Sous l'écorce, Agnès Ledig, Le Robert, 2023

Dans la collection Secrets d'écriture de l'éditeur Le Robert, des écrivains sont invités à répondre à la question attribuée à Julien Gracq : "Pourquoi écrit-on ?" Chacun des auteurs déjà parus explique donc sous la forme d'une autobiographie littéraire sa façon de procéder, sa naissance à l'écriture, ses références...

Neuf titres sont parus, logiquement celui d'Agnès Ledig est le dixième.

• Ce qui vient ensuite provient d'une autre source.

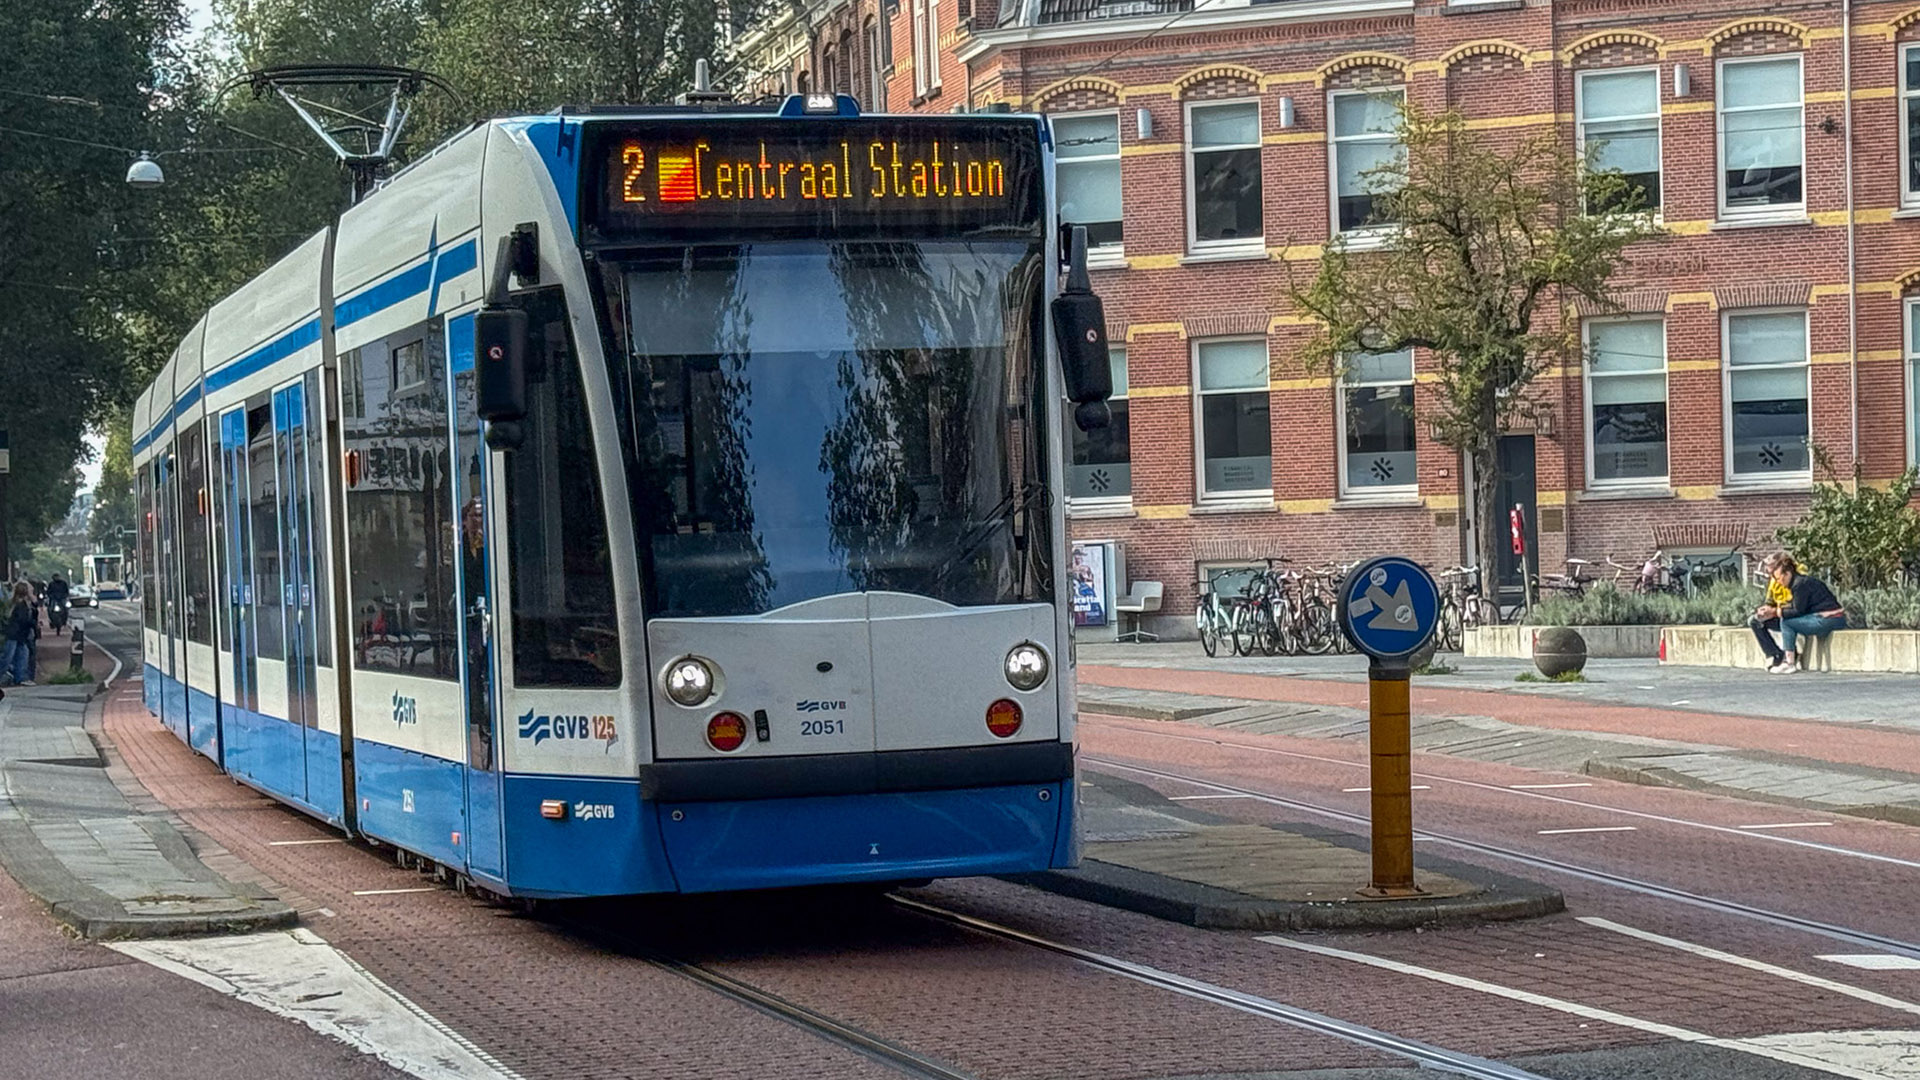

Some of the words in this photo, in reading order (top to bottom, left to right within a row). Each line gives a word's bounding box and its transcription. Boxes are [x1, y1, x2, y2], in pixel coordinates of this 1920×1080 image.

Me croirez-vous si je vous dis que je n'avais jamais entendu parler d'Agnès Ledig ? Ni de nom, ni de ses livres ? Et pourtant, c'est vrai. J'avoue mon inculture, je plaide coupable. Il est certain que la littérature qui m'intéresse n'est pas celle-ci. "J'ai quelques auteurs et autrices incontournables dont j'achète la nouveauté sans lire ni le résumé ni les avis. Anna Gavalda, Fred Vargas [...] Bernard Minier et Olivier Norek." (p.59) J'ai moi aussi mes auteurs favoris dont j'achète les livres sans en savoir rien, mais pas les mêmes ; je n'ai même jamais lu B. Minier ou O. Norek et lire Anna Gavalda, une fois, ne m'a pas laissé grand souvenir. Bref, c'est dire si je suis assez éloigné d'Agnès Ledig, et pourtant, j'ai bien aimé son texte. Il m'a parfois un peu agacé par des formules toutes faites, des expressions maintes fois lues ou entendues, mais je l'ai trouvé sincère et intéressant.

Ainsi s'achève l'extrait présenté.